PROBLEM STATEMENT: Each line of the records is to be returned verbatim, with the images omitted.
*** Opening DATA TO EXAMINE ***
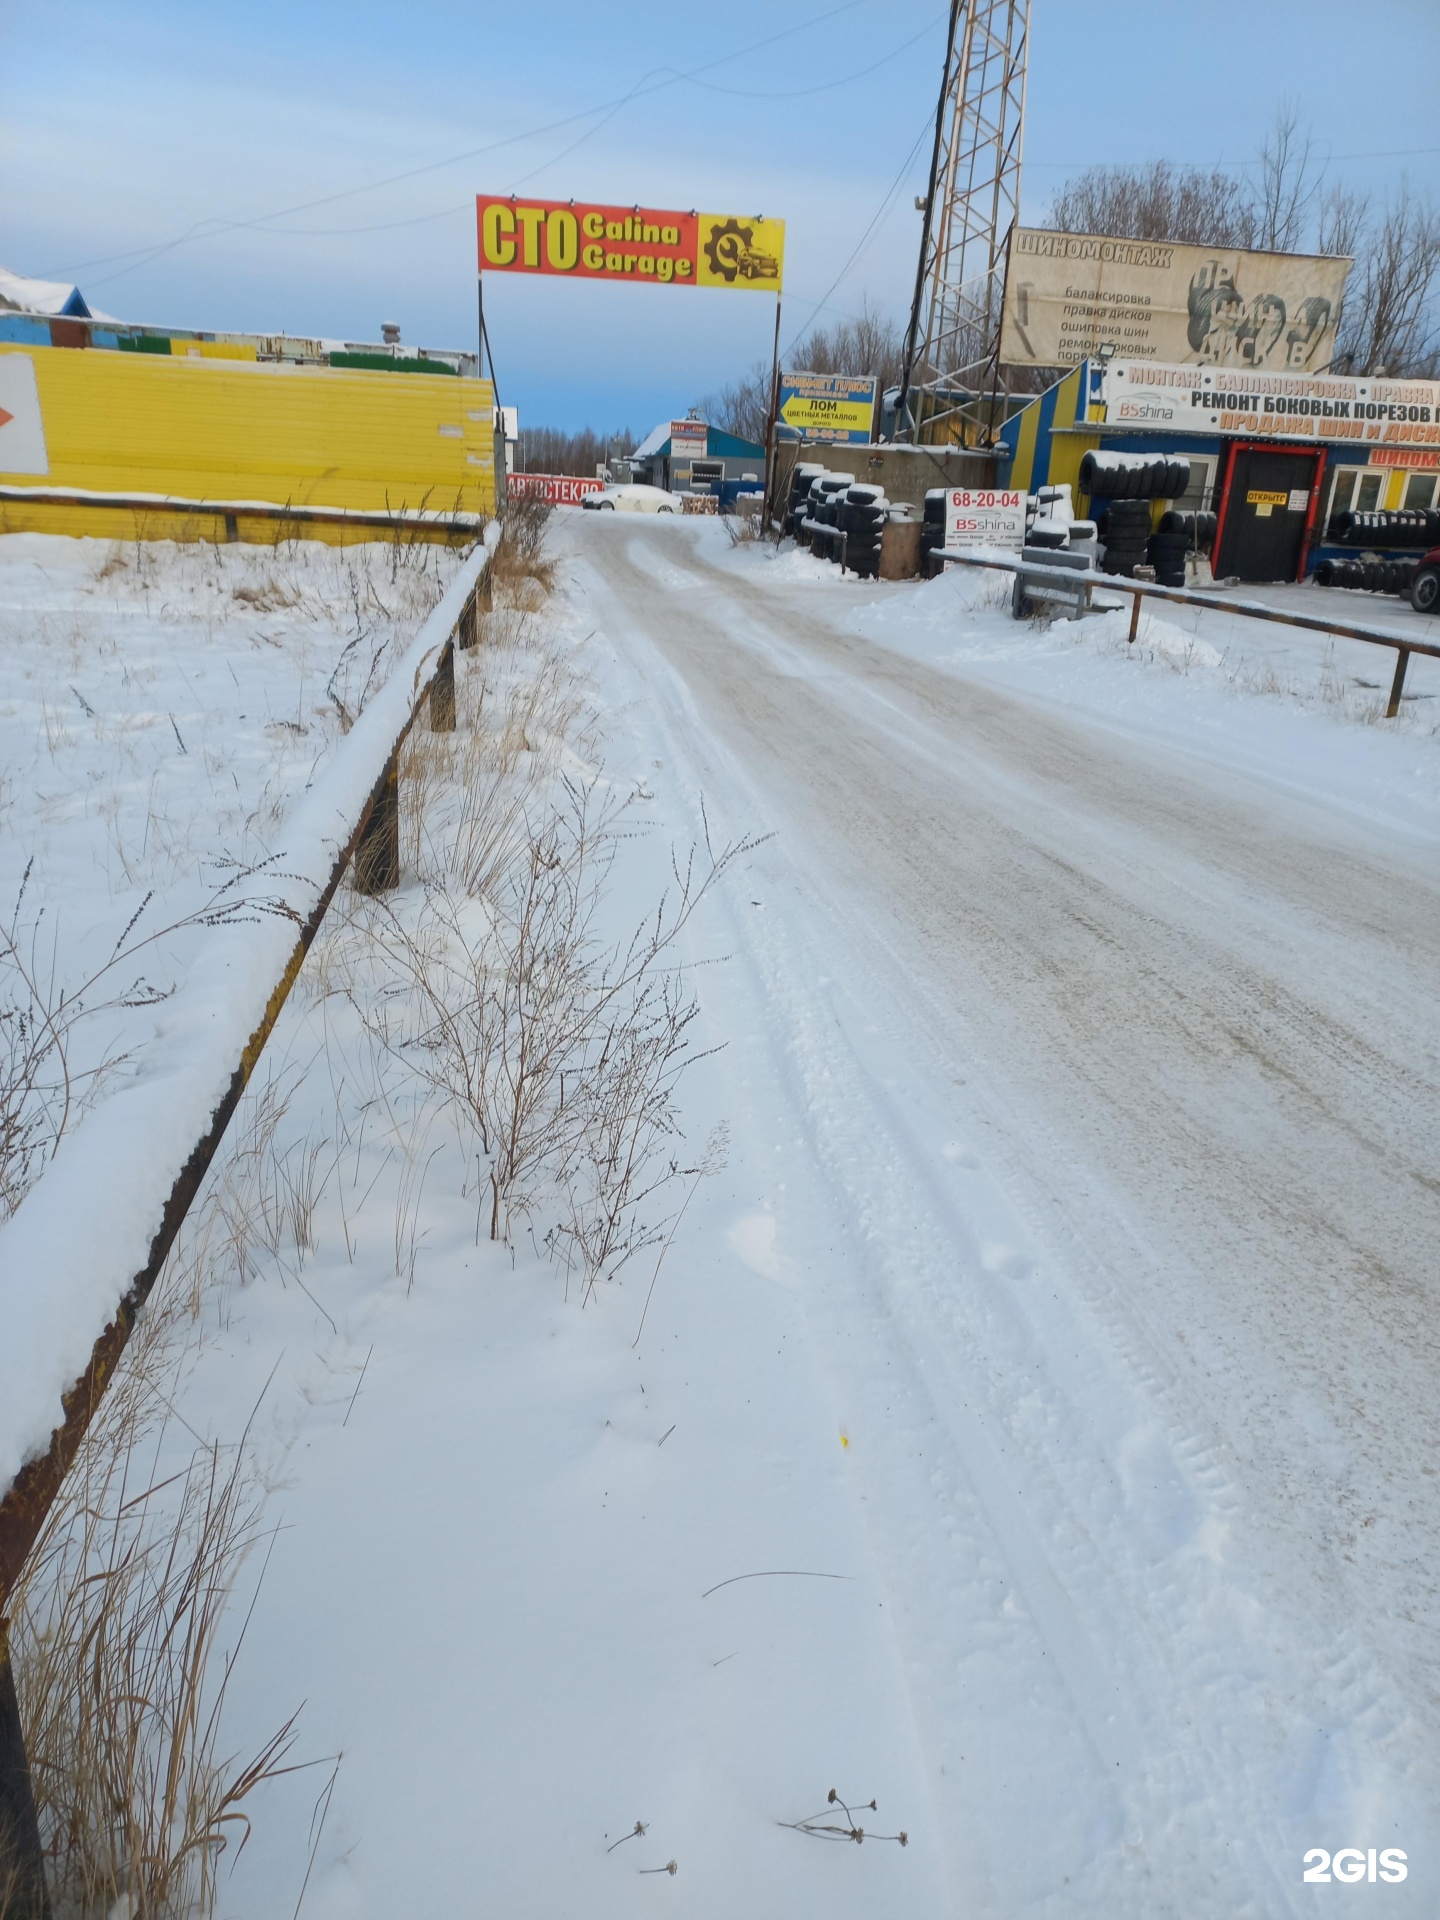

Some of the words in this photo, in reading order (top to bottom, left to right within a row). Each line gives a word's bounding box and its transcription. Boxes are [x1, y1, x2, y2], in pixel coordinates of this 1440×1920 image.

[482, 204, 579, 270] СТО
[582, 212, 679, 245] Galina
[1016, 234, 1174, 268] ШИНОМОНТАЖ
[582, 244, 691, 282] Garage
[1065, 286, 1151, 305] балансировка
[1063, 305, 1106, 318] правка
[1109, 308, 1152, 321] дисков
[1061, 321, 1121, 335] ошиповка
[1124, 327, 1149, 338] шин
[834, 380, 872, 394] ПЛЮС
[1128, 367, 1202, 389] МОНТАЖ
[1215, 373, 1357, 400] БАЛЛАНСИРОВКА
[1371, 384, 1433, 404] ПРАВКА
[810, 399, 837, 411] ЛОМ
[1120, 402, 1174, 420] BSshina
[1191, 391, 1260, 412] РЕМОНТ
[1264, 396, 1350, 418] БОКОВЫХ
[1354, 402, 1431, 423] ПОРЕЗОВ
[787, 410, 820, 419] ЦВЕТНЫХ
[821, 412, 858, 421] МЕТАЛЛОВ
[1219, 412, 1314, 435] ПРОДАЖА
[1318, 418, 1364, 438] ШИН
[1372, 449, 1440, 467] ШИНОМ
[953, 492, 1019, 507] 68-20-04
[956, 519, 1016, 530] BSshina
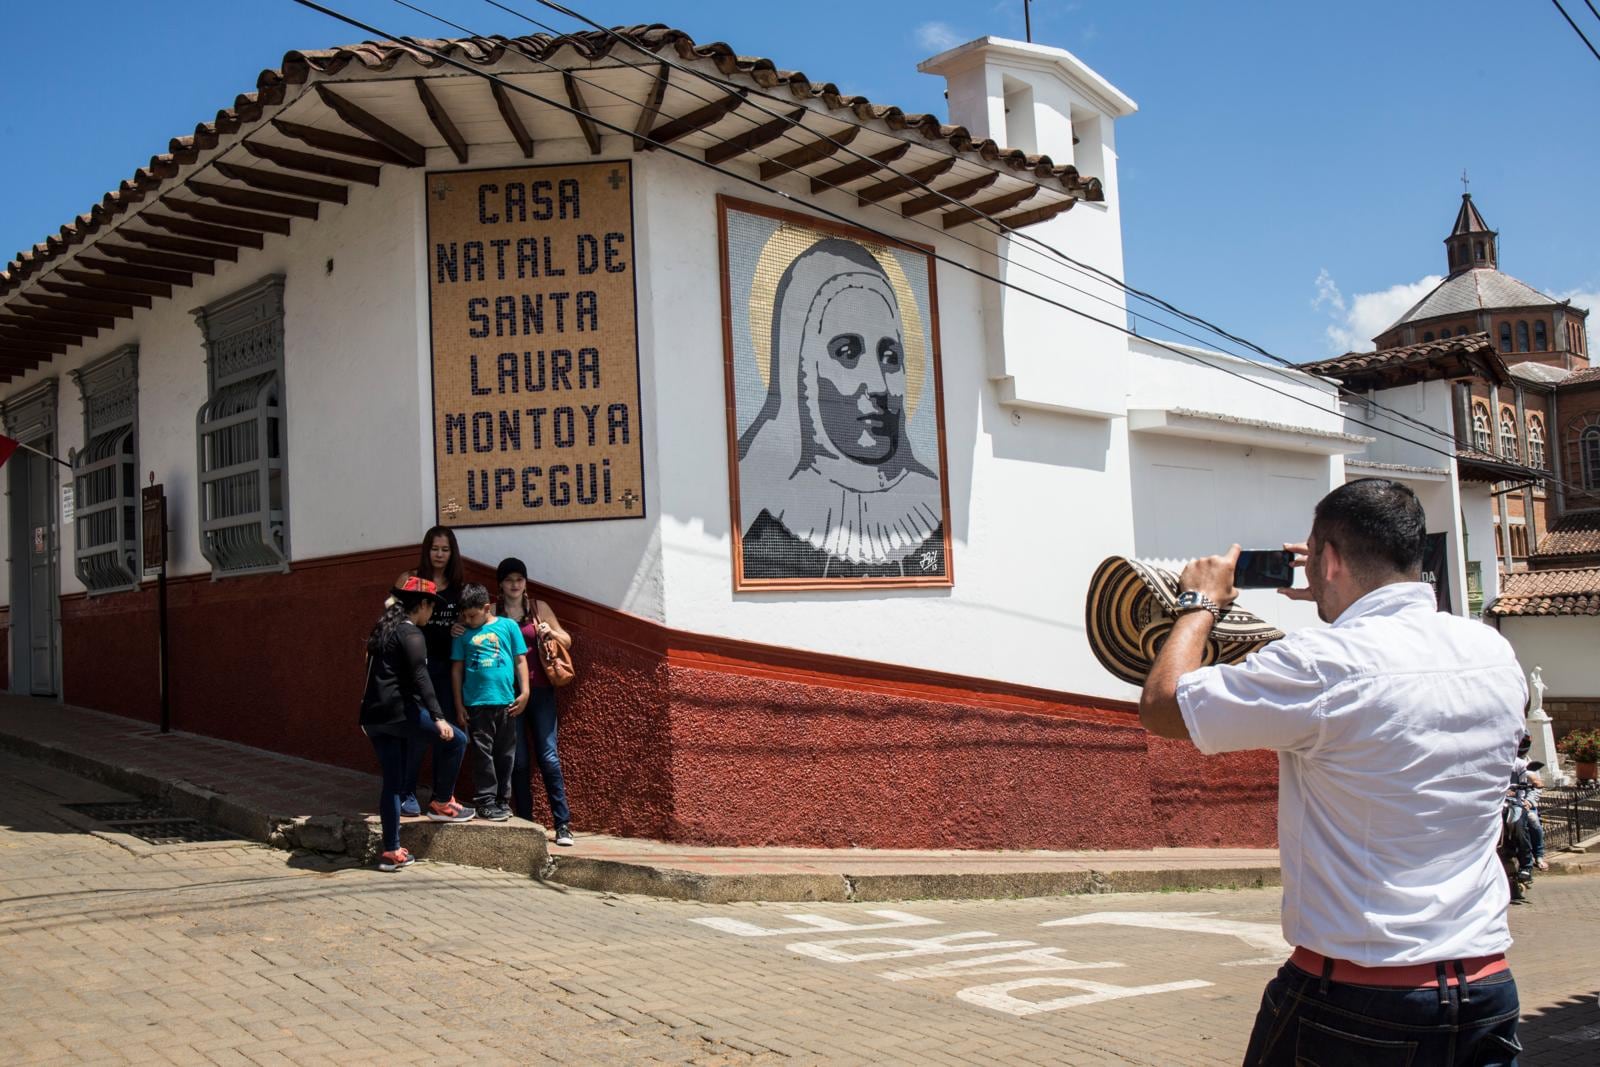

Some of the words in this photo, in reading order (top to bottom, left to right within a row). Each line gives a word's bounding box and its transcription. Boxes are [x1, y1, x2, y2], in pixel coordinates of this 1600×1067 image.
*** Closing DATA TO EXAMINE ***
RESPONSE AREA:
Some of the words in this photo, in reading order (top to bottom, left to right within a row). Each line gives a word's bounding box and its transcription. Boxes are [x1, y1, x2, y2], in pixel coordinates of this 1440×1920 image.

[482, 204, 579, 270] СТО
[582, 212, 679, 245] Galina
[1016, 234, 1174, 268] ШИНОМОНТАЖ
[582, 244, 691, 282] Garage
[1065, 286, 1151, 305] балансировка
[1063, 305, 1106, 318] правка
[1109, 308, 1152, 321] дисков
[1061, 321, 1121, 335] ошиповка
[1124, 327, 1149, 338] шин
[834, 380, 872, 394] ПЛЮС
[1128, 367, 1202, 389] МОНТАЖ
[1215, 373, 1357, 400] БАЛЛАНСИРОВКА
[1371, 384, 1433, 404] ПРАВКА
[810, 399, 837, 411] ЛОМ
[1120, 402, 1174, 420] BSshina
[1191, 391, 1260, 412] РЕМОНТ
[1264, 396, 1350, 418] БОКОВЫХ
[1354, 402, 1431, 423] ПОРЕЗОВ
[787, 410, 820, 419] ЦВЕТНЫХ
[821, 412, 858, 421] МЕТАЛЛОВ
[1219, 412, 1314, 435] ПРОДАЖА
[1318, 418, 1364, 438] ШИН
[1372, 449, 1440, 467] ШИНОМ
[953, 492, 1019, 507] 68-20-04
[956, 519, 1016, 530] BSshina

Some of the words in this photo, in reading order (top to bottom, left to right within a row). Each line gives a word's bounding box and its transcription. Boxes are [x1, y1, x2, y2], in pixel coordinates of this 1600×1067 image.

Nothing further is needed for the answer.